Required action: The records below must be repeated exactly, but without their pictures.

>>>>>

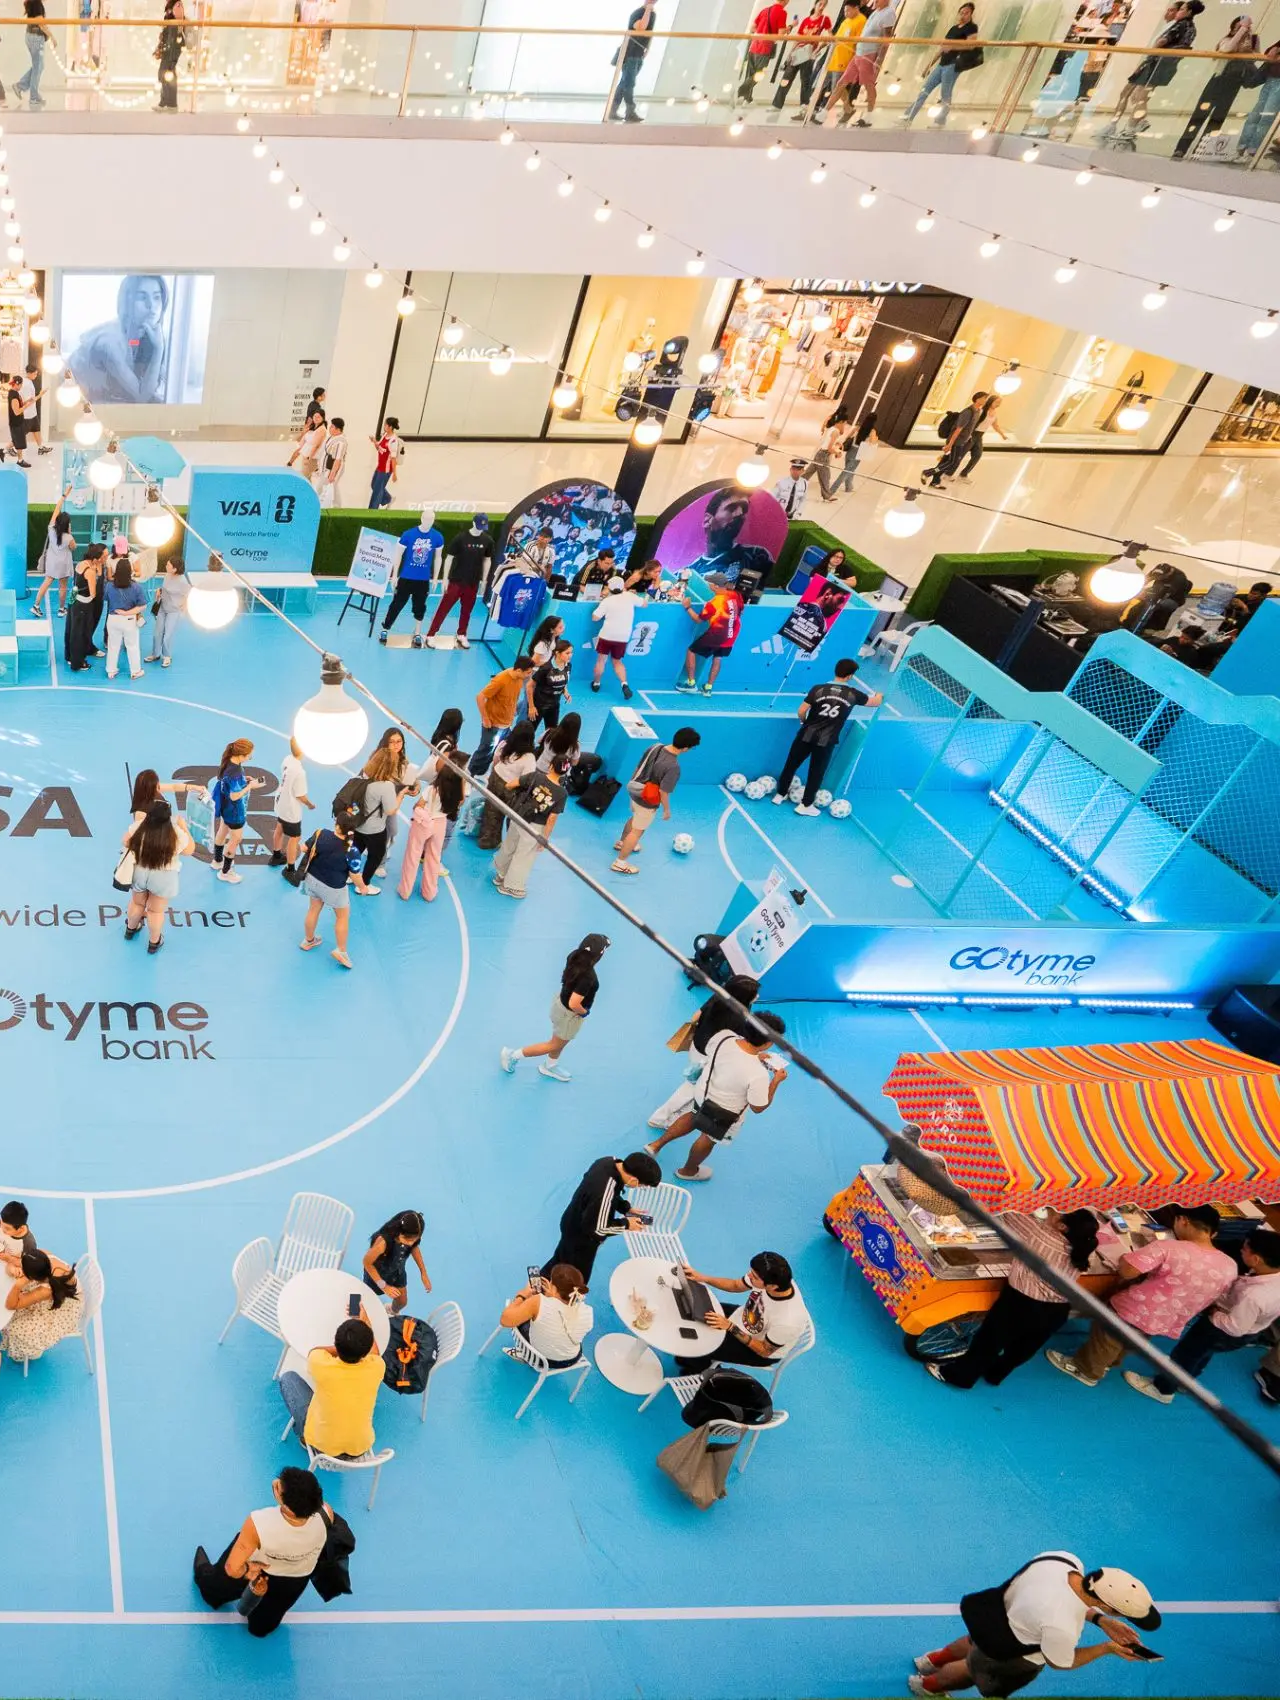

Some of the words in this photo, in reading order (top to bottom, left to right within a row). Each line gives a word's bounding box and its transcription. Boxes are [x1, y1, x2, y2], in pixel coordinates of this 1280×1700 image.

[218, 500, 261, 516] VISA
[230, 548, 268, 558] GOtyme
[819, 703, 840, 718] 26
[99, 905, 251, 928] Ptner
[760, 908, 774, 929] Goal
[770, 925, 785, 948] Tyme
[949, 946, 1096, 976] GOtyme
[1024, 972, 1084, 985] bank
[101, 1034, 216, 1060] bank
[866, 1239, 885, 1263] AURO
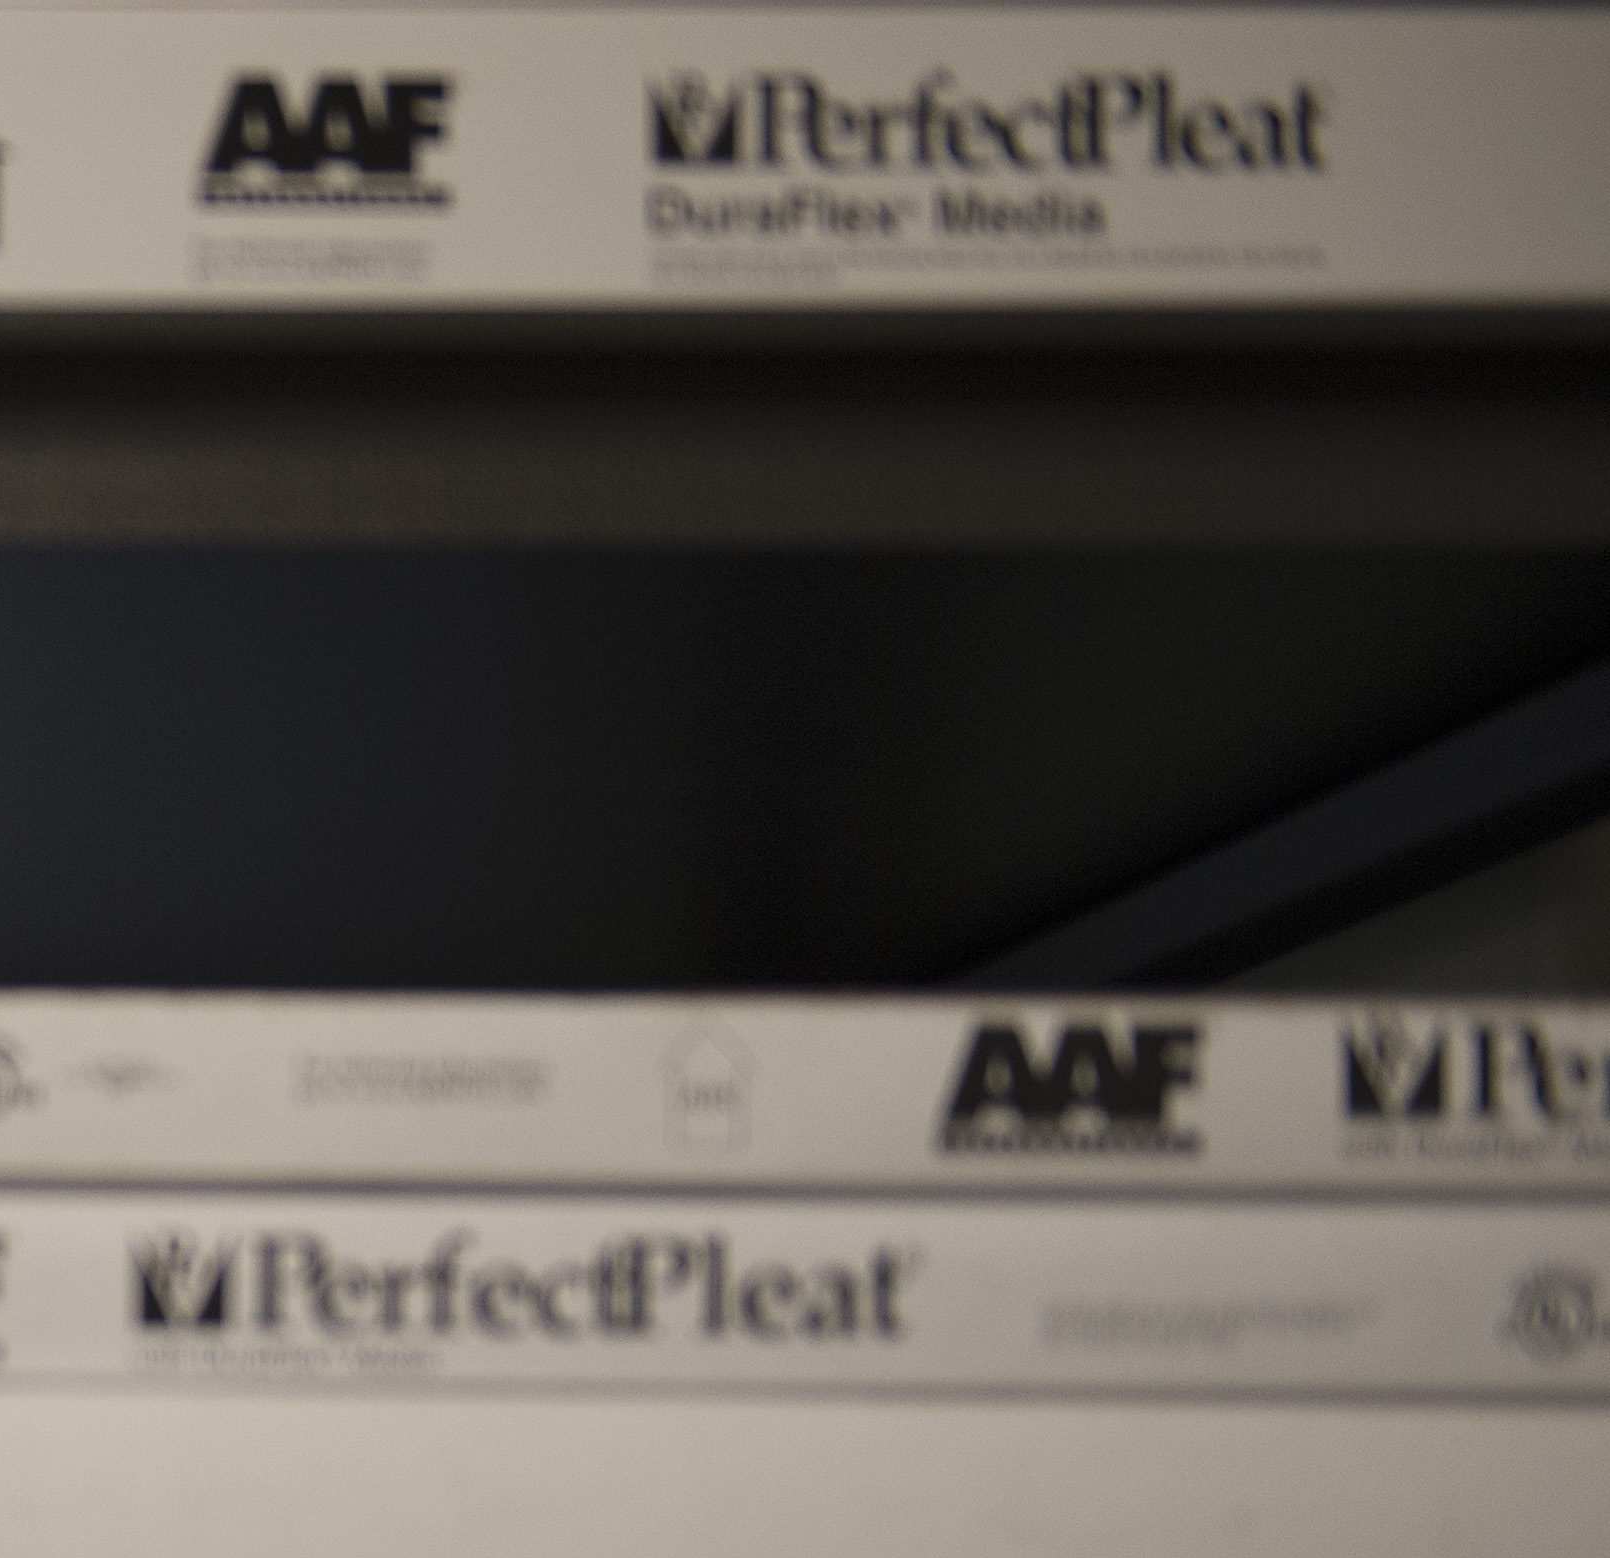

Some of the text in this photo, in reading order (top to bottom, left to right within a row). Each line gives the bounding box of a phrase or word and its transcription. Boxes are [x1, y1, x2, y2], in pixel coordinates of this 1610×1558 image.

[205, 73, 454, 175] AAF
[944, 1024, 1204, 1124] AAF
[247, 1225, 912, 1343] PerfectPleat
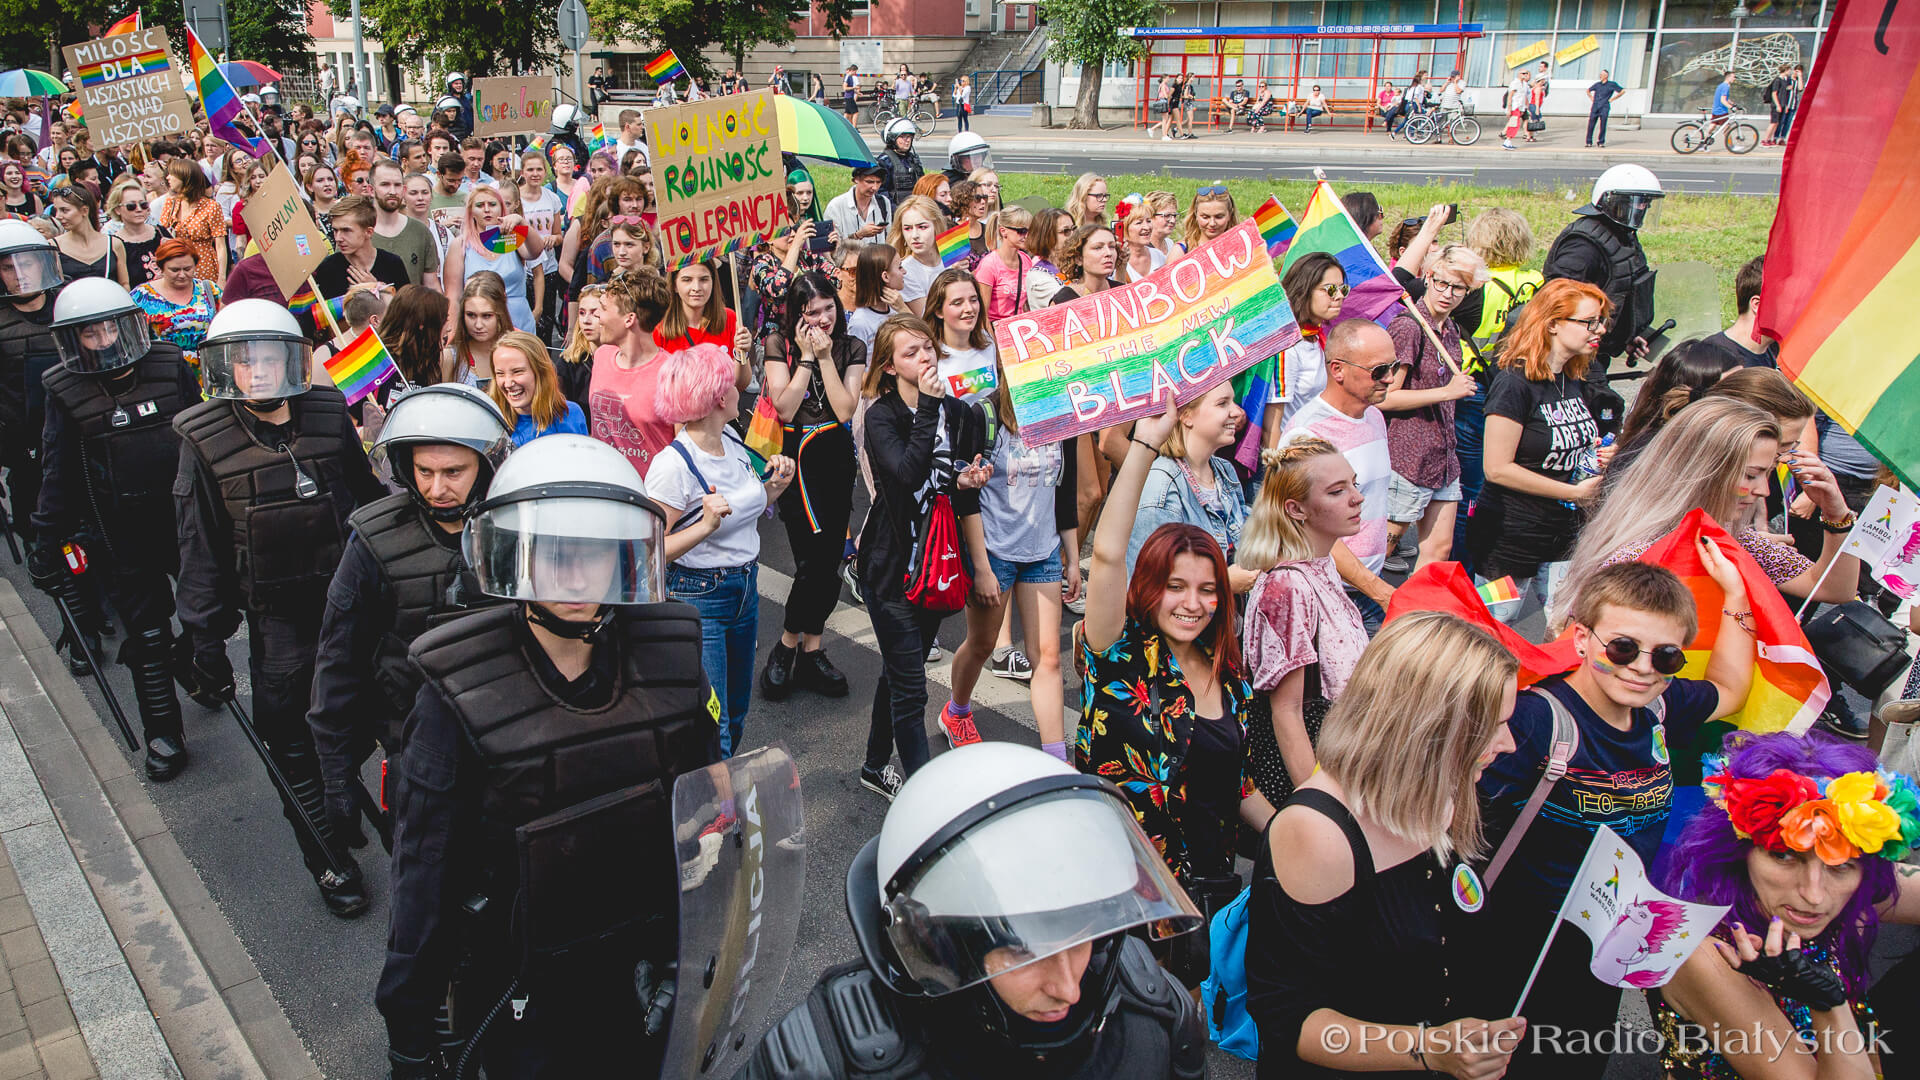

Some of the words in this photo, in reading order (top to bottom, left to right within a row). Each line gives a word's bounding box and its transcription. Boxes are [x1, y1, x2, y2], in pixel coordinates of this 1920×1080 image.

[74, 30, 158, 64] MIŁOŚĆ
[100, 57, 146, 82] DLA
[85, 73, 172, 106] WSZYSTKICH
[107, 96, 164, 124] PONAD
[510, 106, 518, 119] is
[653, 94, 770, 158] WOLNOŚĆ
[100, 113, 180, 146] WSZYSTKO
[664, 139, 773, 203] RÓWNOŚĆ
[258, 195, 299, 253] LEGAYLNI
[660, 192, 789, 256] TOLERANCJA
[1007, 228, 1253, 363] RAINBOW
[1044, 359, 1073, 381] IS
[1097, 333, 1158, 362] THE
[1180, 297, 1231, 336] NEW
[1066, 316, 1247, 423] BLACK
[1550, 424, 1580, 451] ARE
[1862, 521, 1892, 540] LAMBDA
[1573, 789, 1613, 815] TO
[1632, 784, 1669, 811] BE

<<<<<

Written response:
Some of the words in this photo, in reading order (top to bottom, left to right within a row). Each line gives a word's bounding box and its transcription. Boxes are [x1, y1, x2, y2], in pixel coordinates of this 1280×1700 image.

[218, 500, 261, 516] VISA
[230, 548, 268, 558] GOtyme
[819, 703, 840, 718] 26
[99, 905, 251, 928] Ptner
[760, 908, 774, 929] Goal
[770, 925, 785, 948] Tyme
[949, 946, 1096, 976] GOtyme
[1024, 972, 1084, 985] bank
[101, 1034, 216, 1060] bank
[866, 1239, 885, 1263] AURO

Some of the text in this photo, in reading order (top to bottom, left to right within a row). Each line gives the bounding box of a phrase or word and its transcription. Boxes are [x1, y1, x2, y2], in pixel coordinates of this 1610×1558 image.

[205, 73, 454, 175] AAF
[944, 1024, 1204, 1124] AAF
[247, 1225, 912, 1343] PerfectPleat

Some of the words in this photo, in reading order (top to bottom, left to right within a row). Each line gives a word's bounding box and its transcription. Boxes are [x1, y1, x2, y2], in pixel coordinates of this 1920×1080 image.

[74, 30, 158, 64] MIŁOŚĆ
[100, 57, 146, 82] DLA
[85, 73, 172, 106] WSZYSTKICH
[107, 96, 164, 124] PONAD
[510, 106, 518, 119] is
[653, 94, 770, 158] WOLNOŚĆ
[100, 113, 180, 146] WSZYSTKO
[664, 139, 773, 203] RÓWNOŚĆ
[258, 195, 299, 253] LEGAYLNI
[660, 192, 789, 256] TOLERANCJA
[1007, 228, 1253, 363] RAINBOW
[1044, 359, 1073, 381] IS
[1097, 333, 1158, 362] THE
[1180, 297, 1231, 336] NEW
[1066, 316, 1247, 423] BLACK
[1550, 424, 1580, 451] ARE
[1862, 521, 1892, 540] LAMBDA
[1573, 789, 1613, 815] TO
[1632, 784, 1669, 811] BE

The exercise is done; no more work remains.